Violação agravada. Detenção. Medidas de coação. MP. DIAP do Núcleo de Sintra
Na sequência da detenção fora de flagrante delito, o Ministério Público apresentou a primeiro interrogatório judicial um arguido de 26 anos, indiciado pela prática de um crime de violação agravado, na forma consumada.
Resulta fortemente indiciado que o arguido e a ofendida se conheceram através da plataforma de encontros “Tinder”, trocaram a sua identificação da rede social Instagram e passaram a trocar mensagens por essa via.
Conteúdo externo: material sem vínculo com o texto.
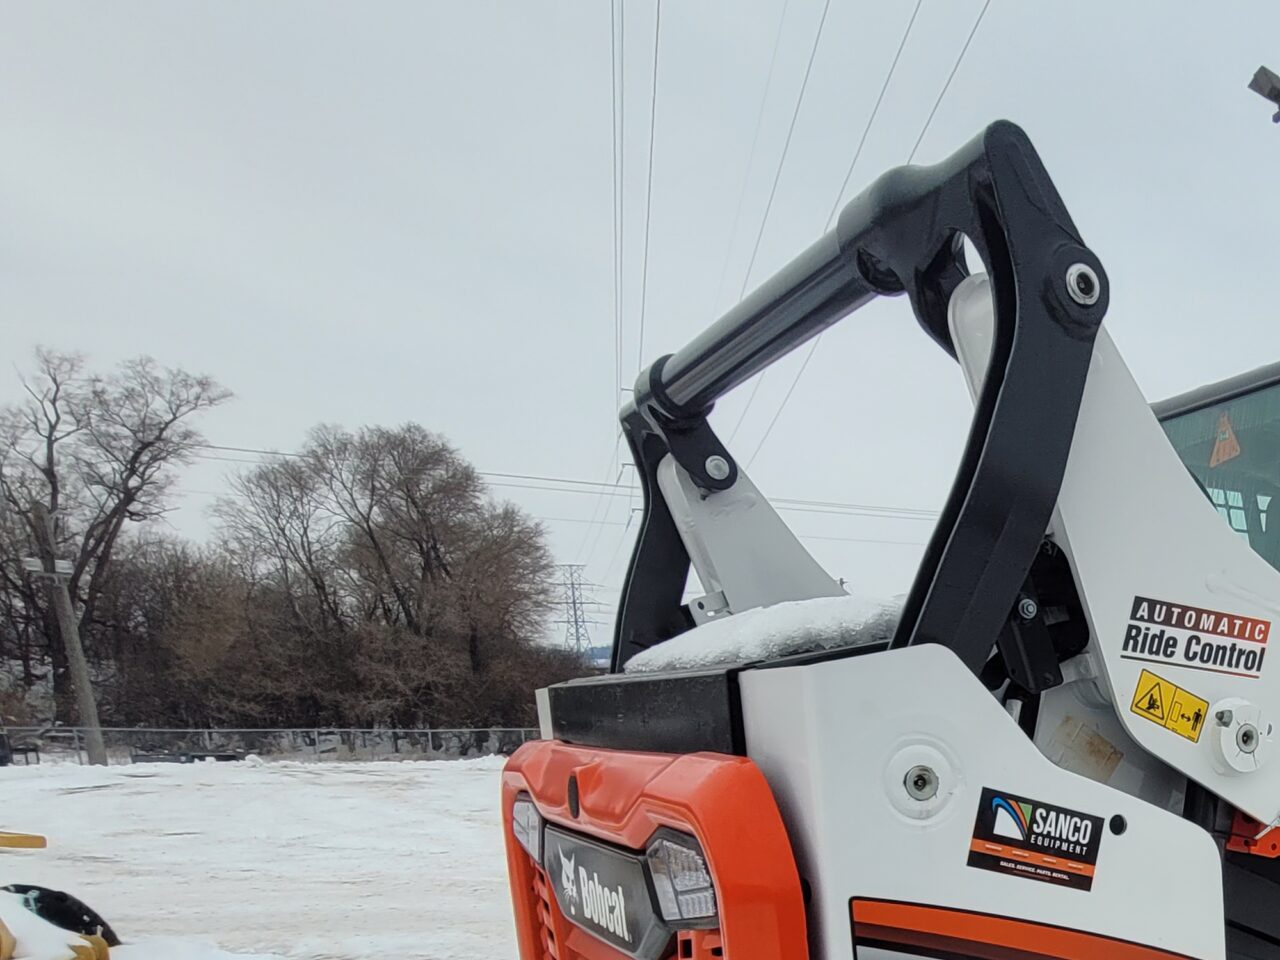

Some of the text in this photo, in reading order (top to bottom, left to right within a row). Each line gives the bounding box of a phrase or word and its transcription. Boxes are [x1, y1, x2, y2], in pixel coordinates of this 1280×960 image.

[1136, 602, 1266, 641] AUTOMATIC
[1122, 624, 1266, 672] Ride Control
[1030, 834, 1088, 856] EQUIPMENT
[1033, 808, 1092, 845] SANCO
[578, 866, 632, 943] Bobcat
No dia 25 de Agosto de 2025, o arguido propôs encontrar-se pessoalmente com a vítima, que aceitou, combinando o encontro junto a um bar em Colares, localidade onde aquela residia temporariamente.
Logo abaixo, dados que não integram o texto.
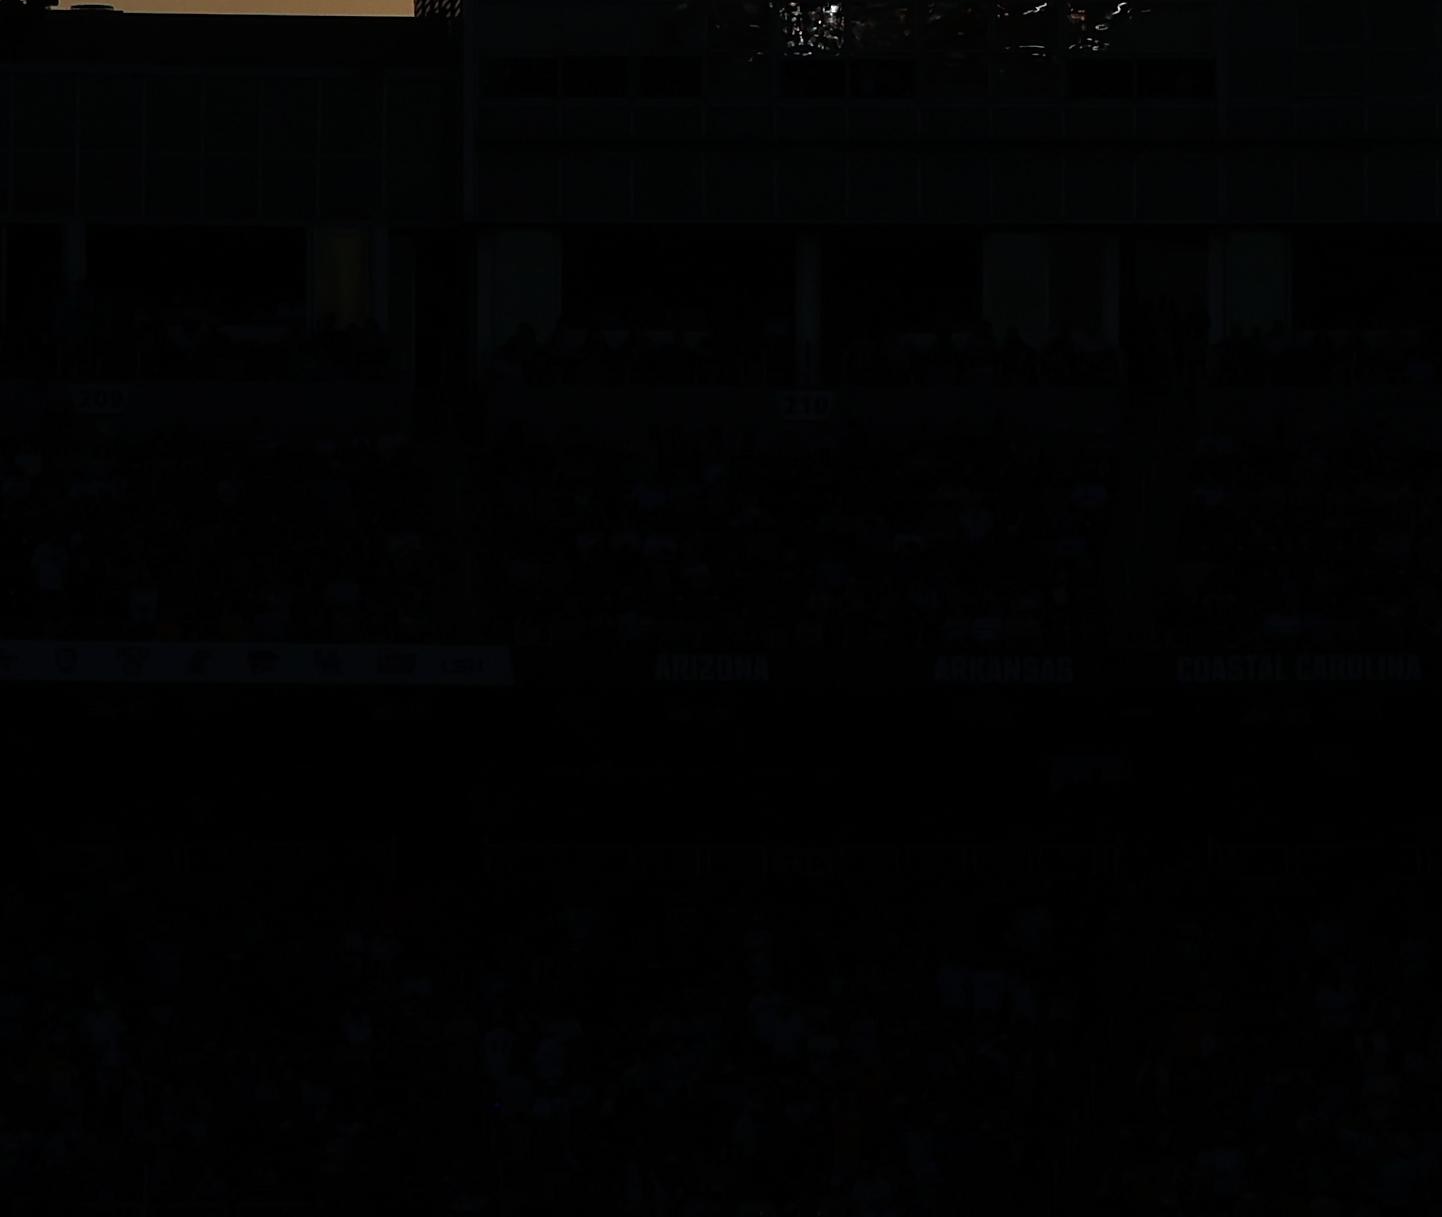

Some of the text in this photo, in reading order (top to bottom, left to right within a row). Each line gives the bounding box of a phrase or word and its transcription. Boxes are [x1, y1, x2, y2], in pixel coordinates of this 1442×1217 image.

Assim, depois das 22h, o arguido chegou ao local combinado, tendo ambos seguido para um Parque, também em Colares. Nessa altura, o arguido imobilizou o veículo e, de forma repentina, colocou um braço à volta do pescoço da vítima e tentou beijá-la na boca, ao que esta reagiu, negando. Como a ofendida tentou impedir os avanços de cariz sexual, o arguido meteu a mão no compartimento lateral da porta e retirou uma faca, tipo navalha de ponta e mola, exibindo-a. Com receio de que aquele lhe pudesse fazer mal, a vítima acedeu às exigências do arguido que obrigou a vítima à pratica de atos sexuais.
De seguida, o arguido levou, de volta, a vítima para o local onde se tinham encontrado, deixando-a aí e foi embora.
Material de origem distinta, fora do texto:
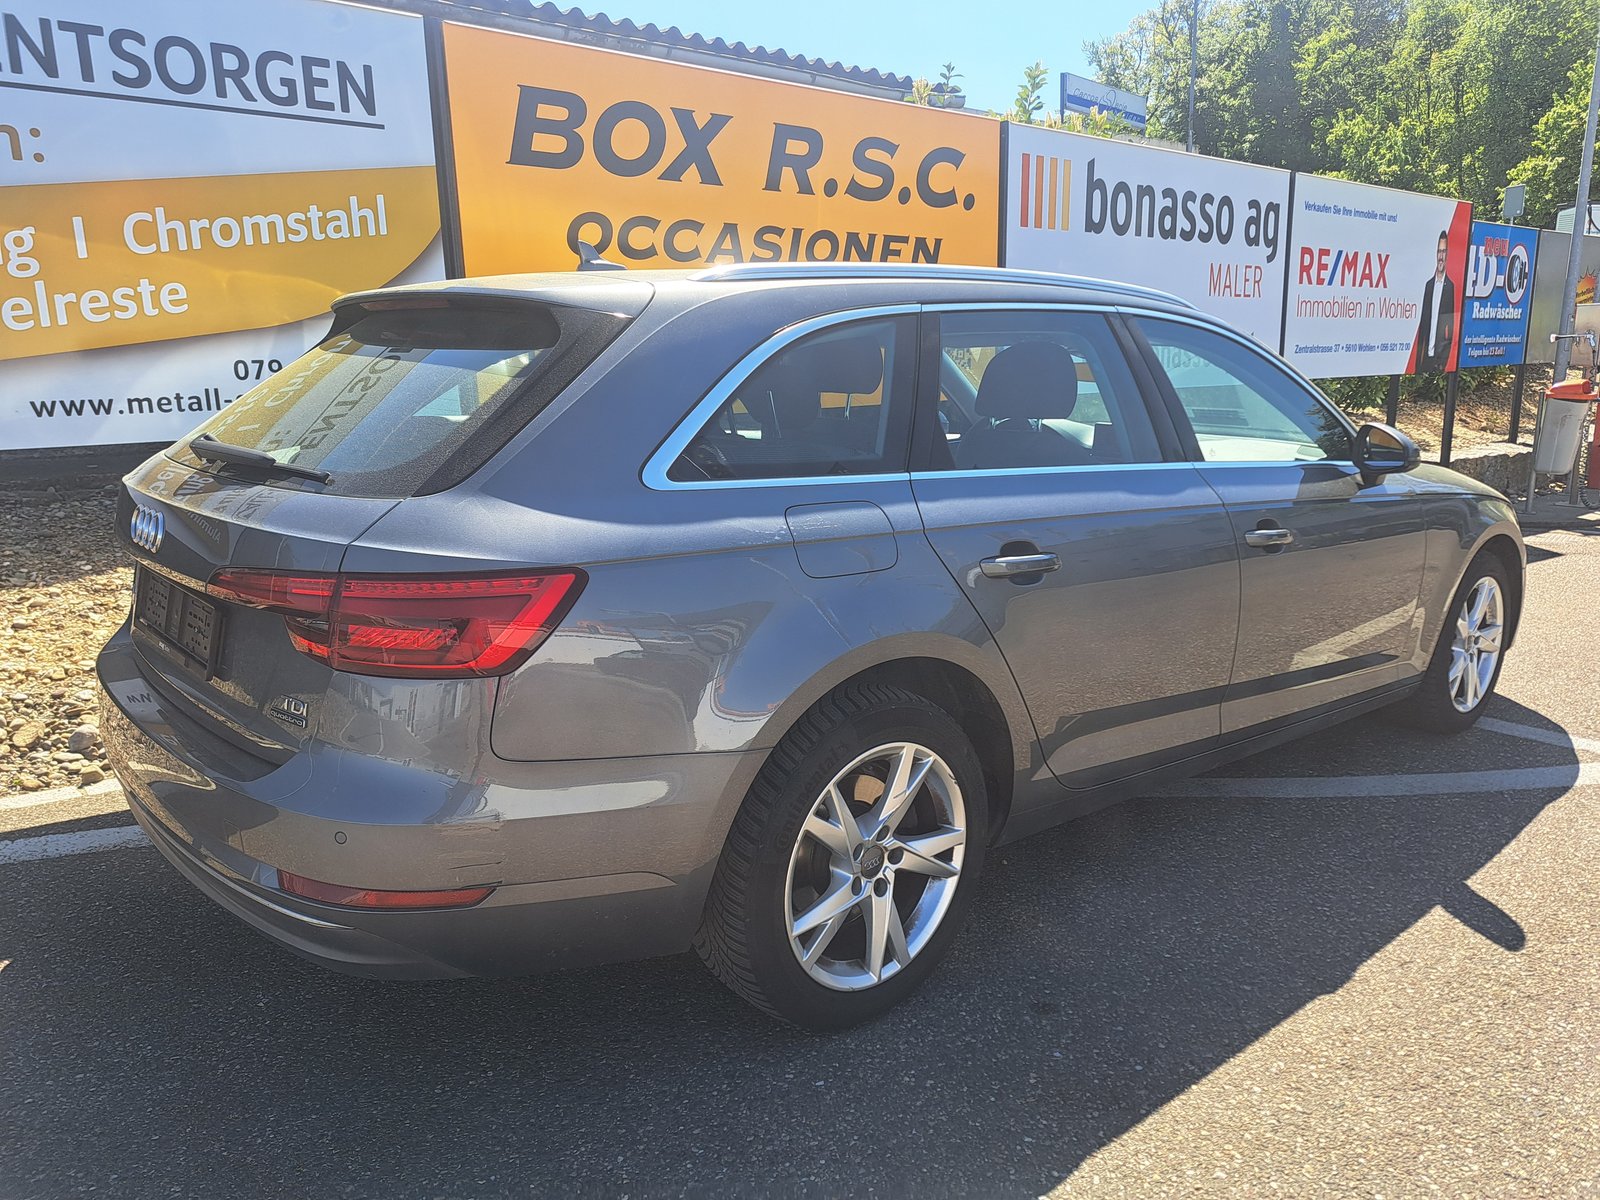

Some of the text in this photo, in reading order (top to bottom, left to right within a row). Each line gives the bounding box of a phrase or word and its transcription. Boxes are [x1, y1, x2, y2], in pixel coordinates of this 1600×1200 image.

[0, 12, 378, 117] NTSORGEN
[505, 84, 976, 212] BOX R.S.C.
[1084, 157, 1281, 264] bonasso ag
[1304, 200, 1398, 223] Verkaufen Sie Ihre Immobilie mit uns!
[0, 226, 40, 278] g
[123, 194, 388, 255] Chromstahl
[566, 211, 942, 264] OCCASIONEN
[1484, 237, 1509, 256] neu
[1208, 262, 1263, 298] MALER
[1298, 246, 1391, 288] RE/MAX
[1, 278, 189, 331] elreste
[1296, 294, 1417, 319] Immobilien in Wohlen
[1472, 302, 1522, 319] Radwäscher
[1294, 344, 1333, 354] Zentralstrasse
[1334, 343, 1341, 353] 37
[1345, 343, 1357, 352] 5610
[1358, 343, 1376, 352] Wohlen
[1380, 343, 1389, 352] 056
[233, 359, 283, 381] 079
[270, 710, 303, 727] quattro
[280, 697, 308, 718] TDI
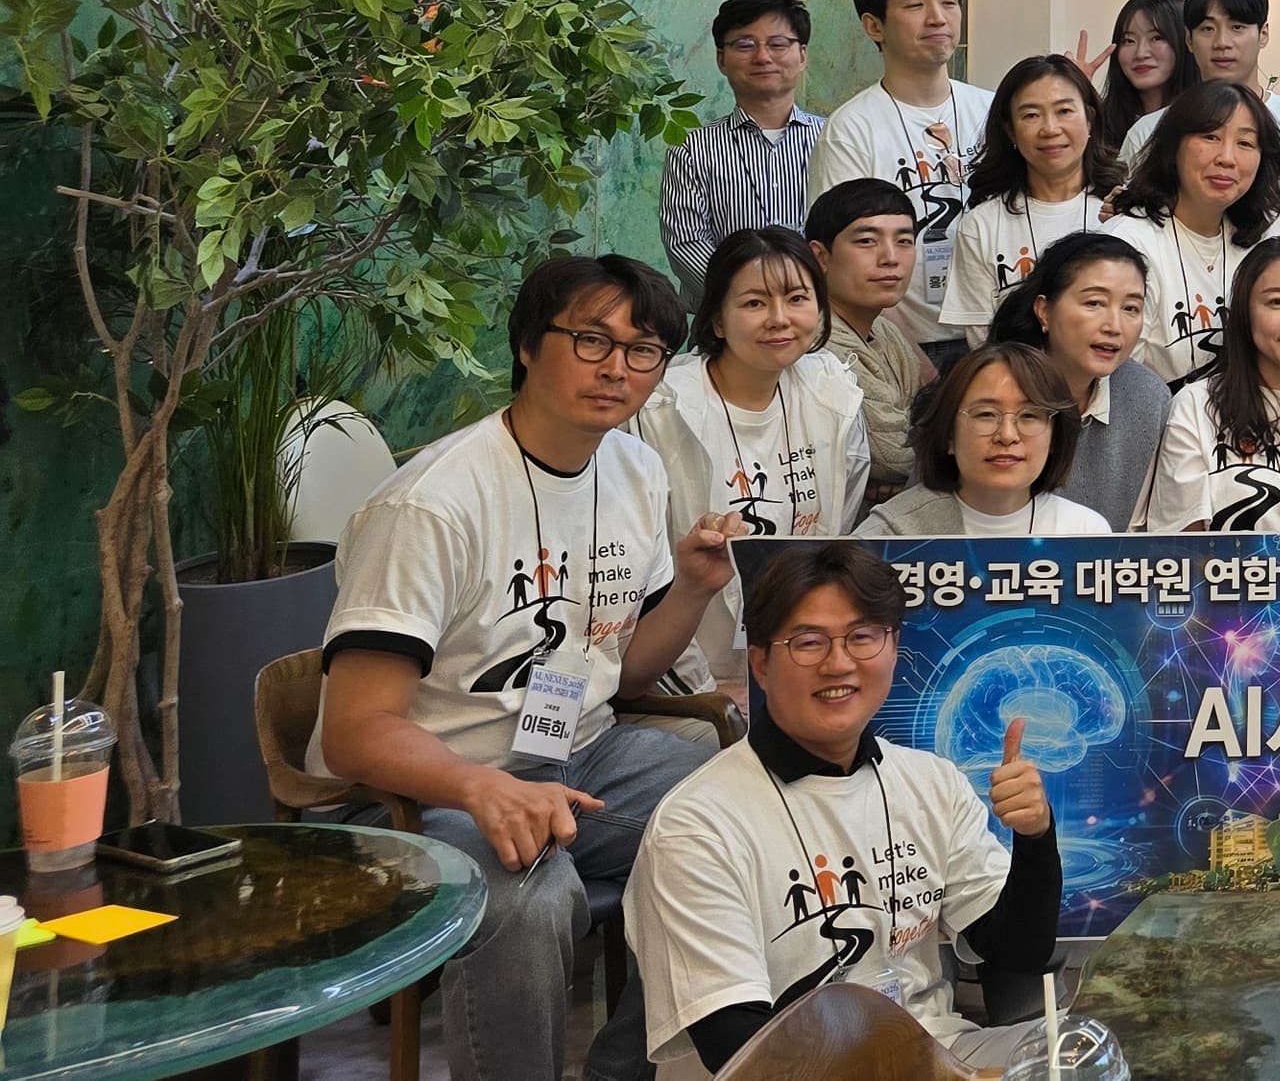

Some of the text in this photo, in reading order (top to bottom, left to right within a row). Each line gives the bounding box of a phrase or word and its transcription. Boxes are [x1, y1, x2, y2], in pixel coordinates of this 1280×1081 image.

[783, 466, 817, 485] mak
[788, 488, 817, 504] the
[588, 540, 626, 560] Let's
[588, 564, 632, 584] make
[1076, 557, 1193, 604] 대학원
[588, 590, 619, 608] the
[871, 840, 917, 865] Let's
[878, 865, 928, 891] make
[883, 887, 945, 915] the roa
Dias depois, o arguido acedeu às aplicações Tinder e Instagram e bloqueou a ofendida.
Na sequência do interrogatório judicial, realizado no dia 28 de agosto de 2025, foi aplicada ao arguido a medida de coação de OPHVE, aguardando a sua viabilização sujeito à medida de coação de prisão preventiva.
O Inquérito corre termos no DIAP do Núcleo de Sintra.